China’s HealthCode app is technically voluntary as well, but it is required if you wish to move freely around the country. It is not clear what data it collects; it simply gives users a rating, red, orange or green, depending on how at-risk they are deemed to be by its algorithm. Its lack of transparency is concerning.
Israel’s Hamagen uses location data to track movements; this data appears to be stored centrally.
And South Korea, which does not have an app, instead sends alerts to everyone in an area where a person is known to be infected, including the age and sex of the person and their location and recent movement. It risks letting people know who might have infected them, with the dangers of revenge attacks discussed above.
Upcoming apps
Professor Rodriguez-Villegas’s forthcoming app will use Bluetooth data. But instead of storing that data centrally, each phone transmits a unique identifier code to every other phone it meets. The phone’s identifier changes regularly and randomly. When a person is found to be infected, they can choose to upload that information to the app; it broadcasts all its former codes to the central authority. Then every phone which recognises one of those old codes will know it has been in proximity to an infected person – but, because the phone has now changed its code, it will be impossible for either the app or other users to identify them. Her team is also designing the app so that it can be used by people who have never used a smartphone.
In the UK, NHSX, a new unit driving forward the digital transformation of health and social care, will lead the development of a new contact-tracing app, while Google and Apple have worked together to produce a decentralised system.
The Google/Apple system uses Bluetooth data. It appears to run on a similar model to Professor Rodriguez-Villegas’s team’s app, with frequently updated identifiers.
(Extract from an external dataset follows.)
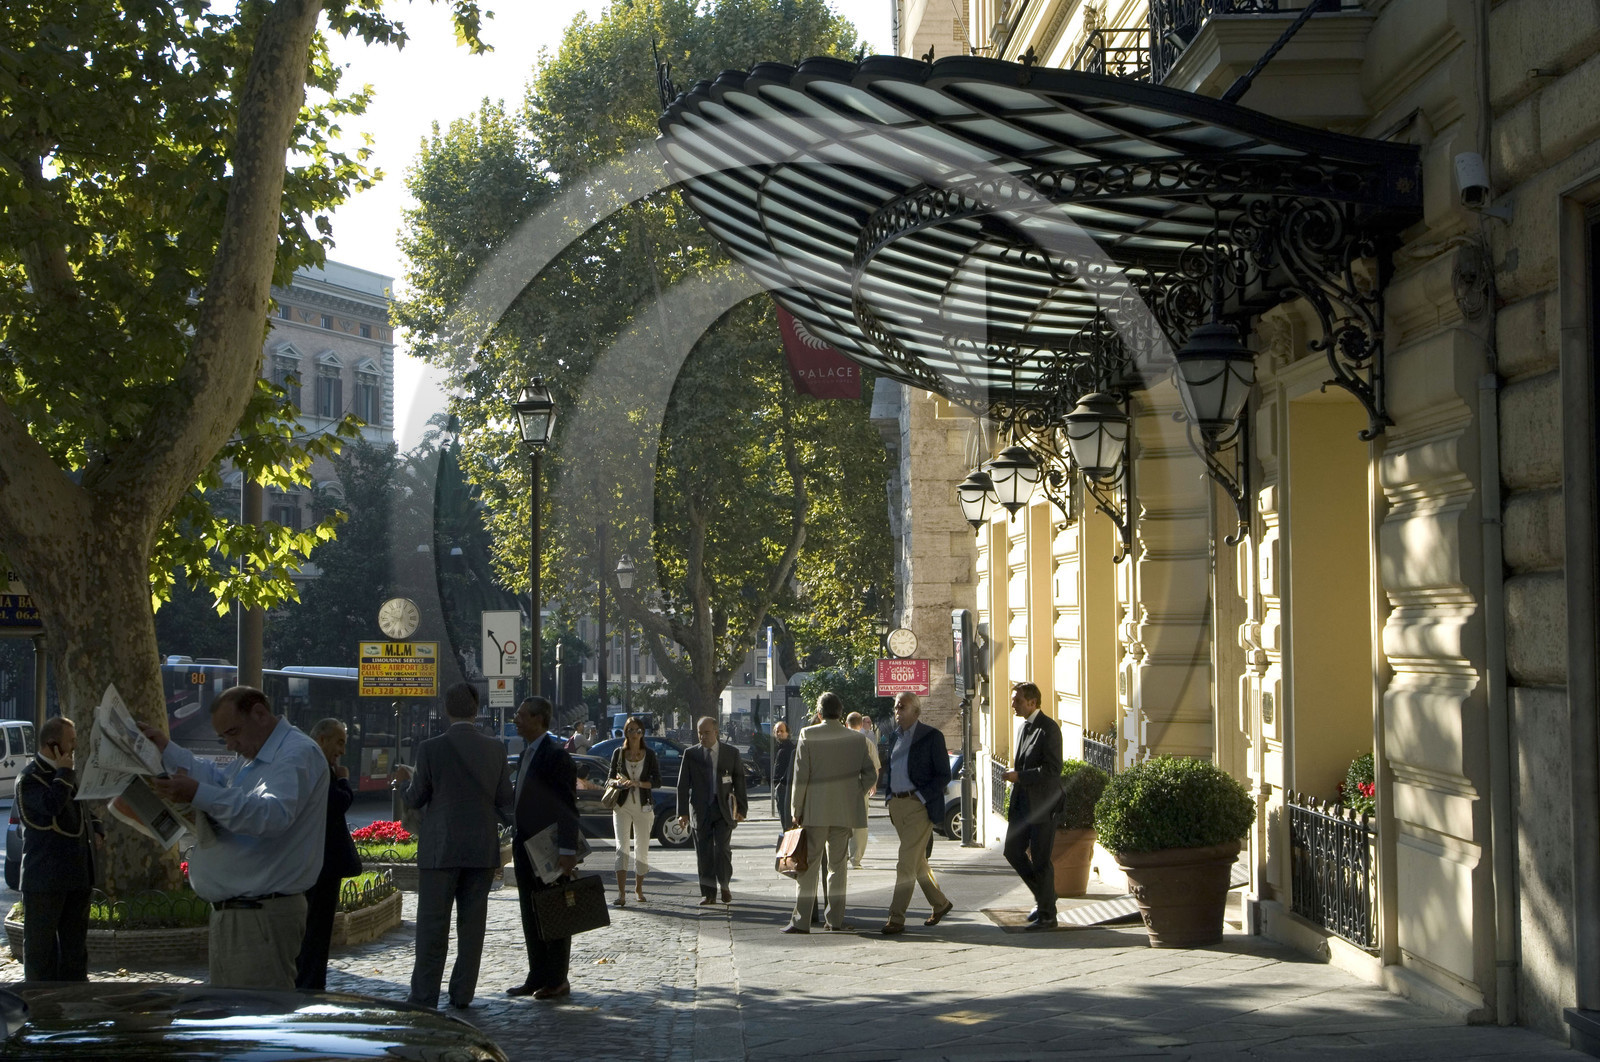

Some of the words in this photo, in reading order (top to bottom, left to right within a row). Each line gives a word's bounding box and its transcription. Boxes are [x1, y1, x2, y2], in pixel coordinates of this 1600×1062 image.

So far the protocols behind NHSX’s proposed app are unknown, although it appears that they will use a central database. That may bring them into conflict with protocols being developed by Google and Android: the two tech giants are collaborating on a way of avoiding interoperability problems, and encouraging health services to build decentralised systems.
People often assume that the way to achieve security is to keep your methods secret – but security experts say the opposite.
You don’t keep your data safe by using some secret code; you do it by publishing your work so that others can see that it has no holes. The same is true of privacy.
Privacy is a mindset
“What I try to tell people,” says de Montjoye, “is that privacy is like security.” It requires openness, so that people can test it.
People who don’t work in cryptography often assume that the way to achieve security is to keep your methods secret – but security experts say the opposite. The cryptographer Bruce Schneier argues that “transparency and accountability don’t hurt security; they’re crucial to it”. You don’t keep your data safe by using some secret code; you do it by publishing your work so that others can see that it has no holes.
The same is true of privacy. “There’s a long history in privacy of people thinking they’ve done something smart, someone thinking they came up with something unique that no one will think about and break, and then the data is collected and someone re-identifies,” says de Montjoye. “Good privacy, like good security, relies on public, published protocols and code.”
Over the next several months, it may be that we rely heavily on contact-tracing apps to allow us some measure of freedom again; they could be a vital tool in the fight against COVID-19. But in order for them to work, they will need to be widely used; to be widely used they will need to be trusted; and for them to be trusted, they have to keep our data safe. Building good, transparent systems is not just good practice, it could save lives. “And it’s absolutely doable,” de Montjoye says.